# Available data
------------
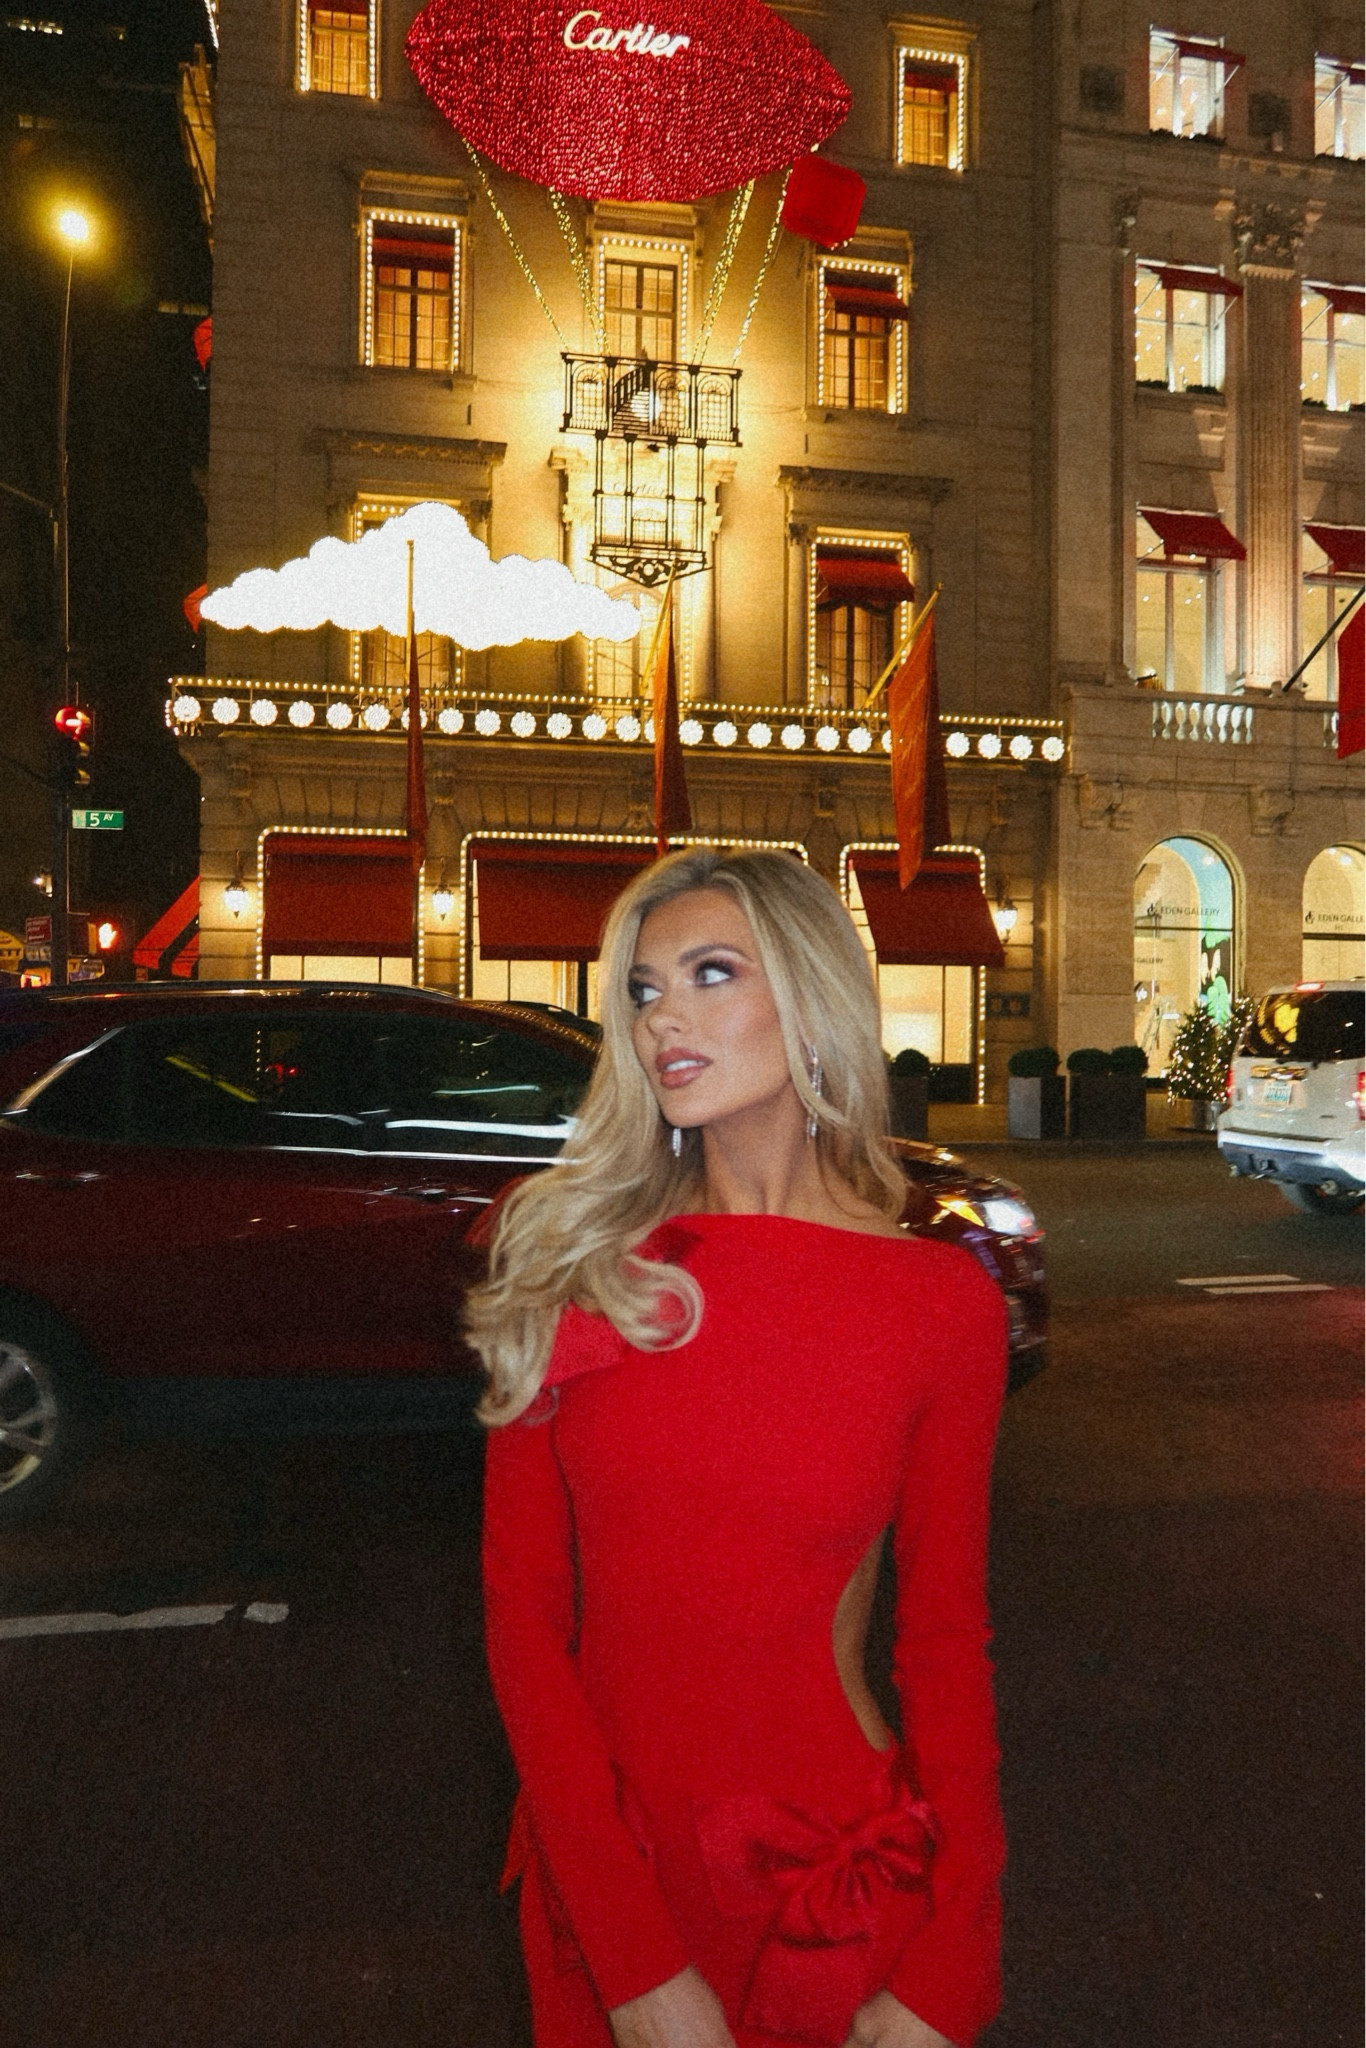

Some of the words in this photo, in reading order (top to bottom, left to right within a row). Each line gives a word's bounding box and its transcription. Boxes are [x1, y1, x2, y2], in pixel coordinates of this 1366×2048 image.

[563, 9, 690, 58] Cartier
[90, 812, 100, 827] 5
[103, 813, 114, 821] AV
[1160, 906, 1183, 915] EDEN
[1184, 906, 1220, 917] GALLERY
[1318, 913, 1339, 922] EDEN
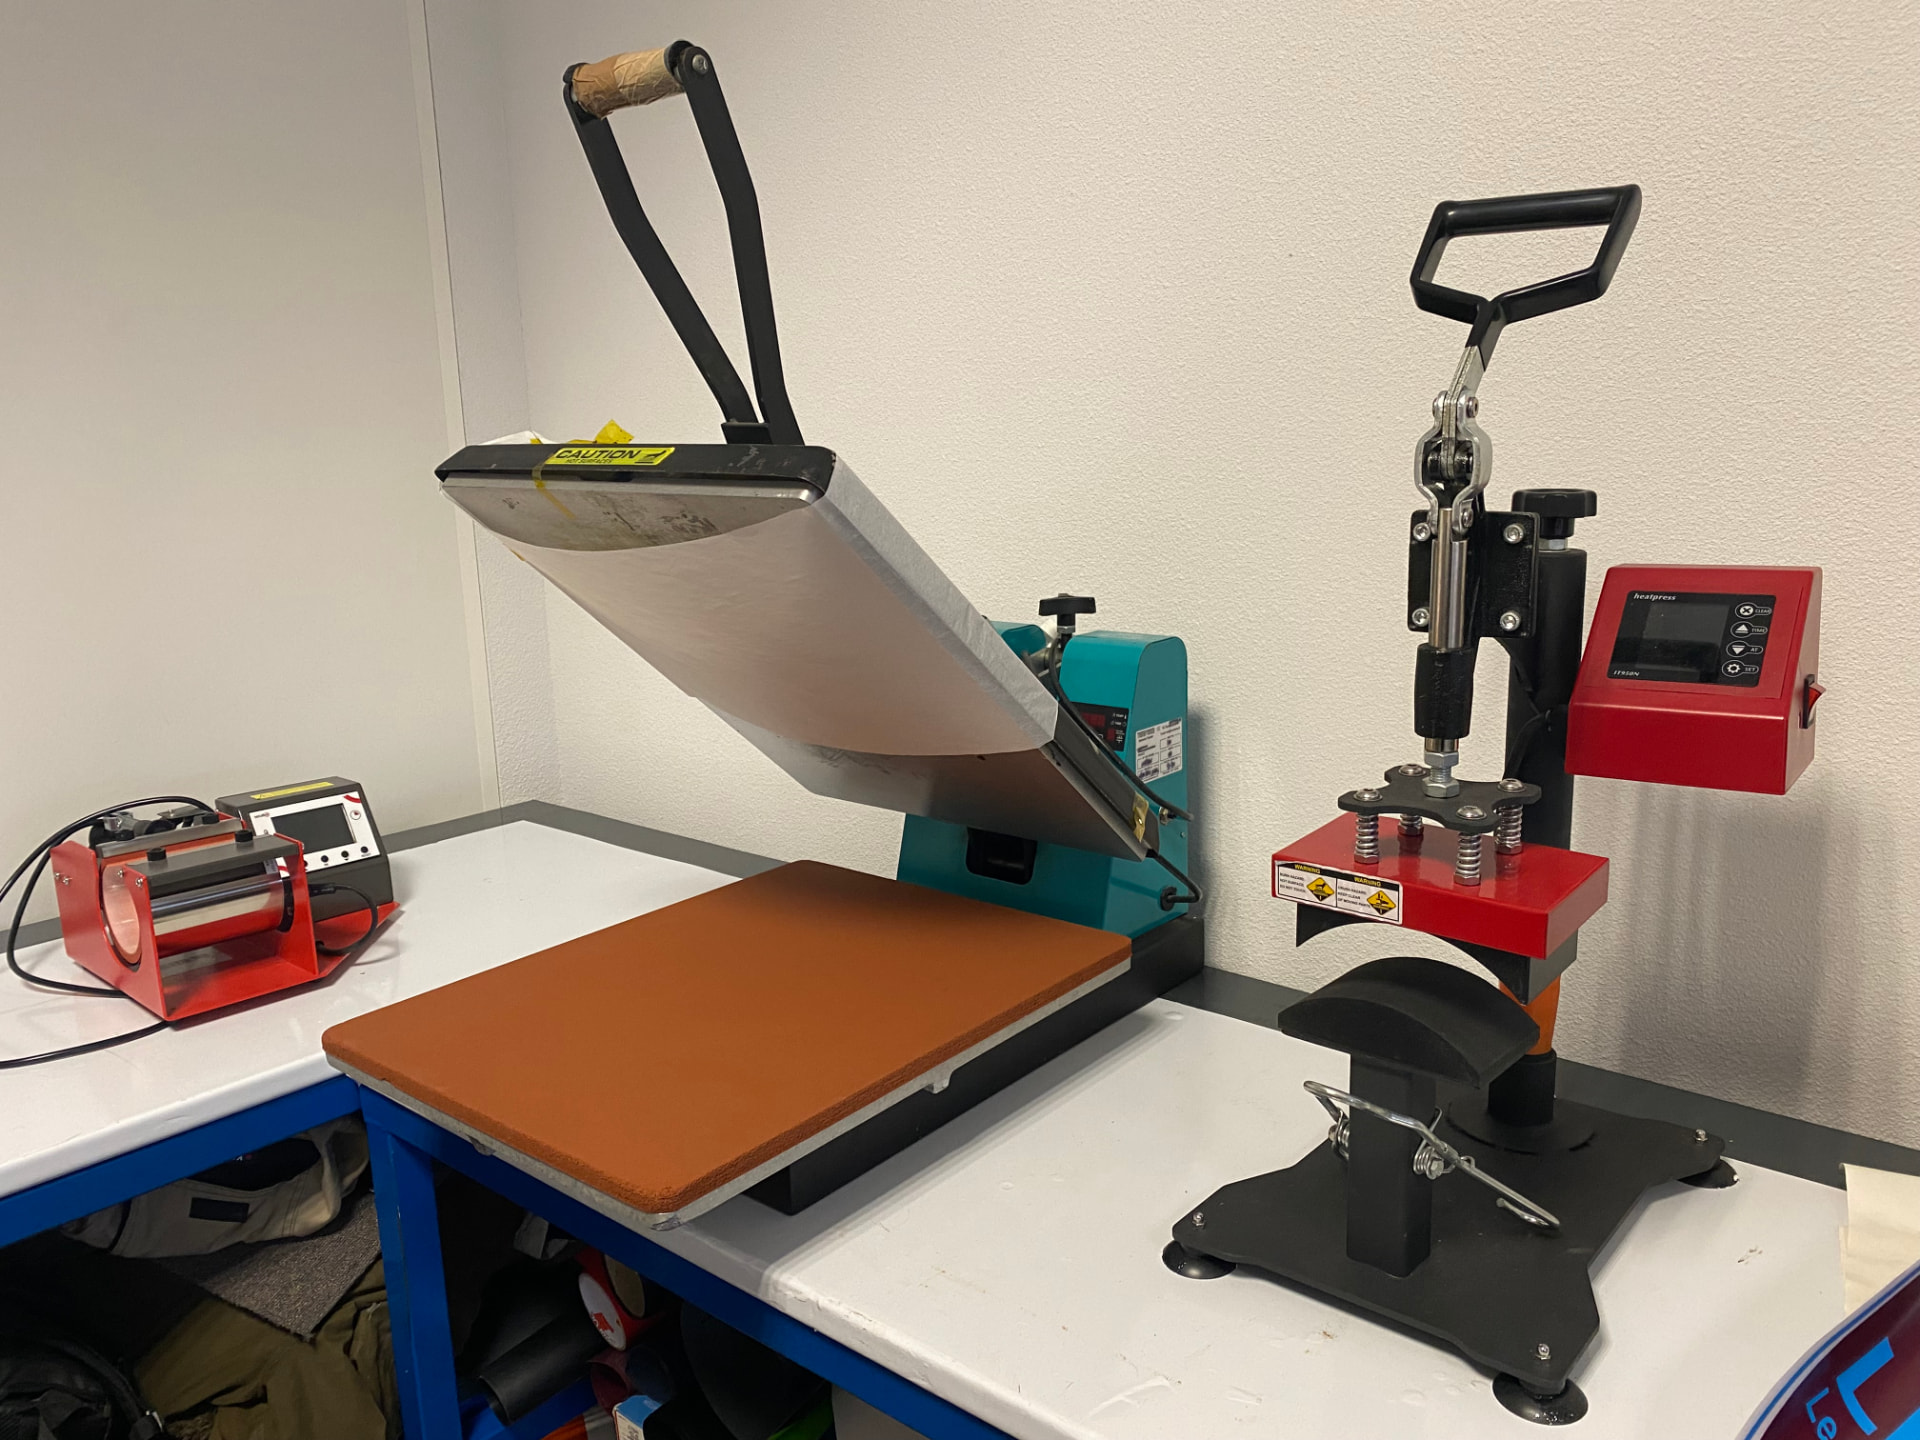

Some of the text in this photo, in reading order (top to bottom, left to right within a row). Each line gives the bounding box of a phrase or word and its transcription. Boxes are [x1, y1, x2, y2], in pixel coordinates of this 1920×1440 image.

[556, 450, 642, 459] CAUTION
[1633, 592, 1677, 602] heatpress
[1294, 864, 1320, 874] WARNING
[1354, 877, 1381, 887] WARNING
------------
Exact repetition of the data is needed, with no images retained.

Some of the words in this photo, in reading order (top to bottom, left to right within a row). Each line gives a word's bounding box and its transcription. Boxes are [x1, y1, x2, y2], in pixel coordinates of this 1366×2048 image.

[563, 9, 690, 58] Cartier
[90, 812, 100, 827] 5
[103, 813, 114, 821] AV
[1160, 906, 1183, 915] EDEN
[1184, 906, 1220, 917] GALLERY
[1318, 913, 1339, 922] EDEN

Some of the text in this photo, in reading order (top to bottom, left to right within a row). Each line gives the bounding box of a phrase or word and its transcription. Boxes are [x1, y1, x2, y2], in pixel coordinates of this 1920×1440 image.

[556, 450, 642, 459] CAUTION
[1633, 592, 1677, 602] heatpress
[1294, 864, 1320, 874] WARNING
[1354, 877, 1381, 887] WARNING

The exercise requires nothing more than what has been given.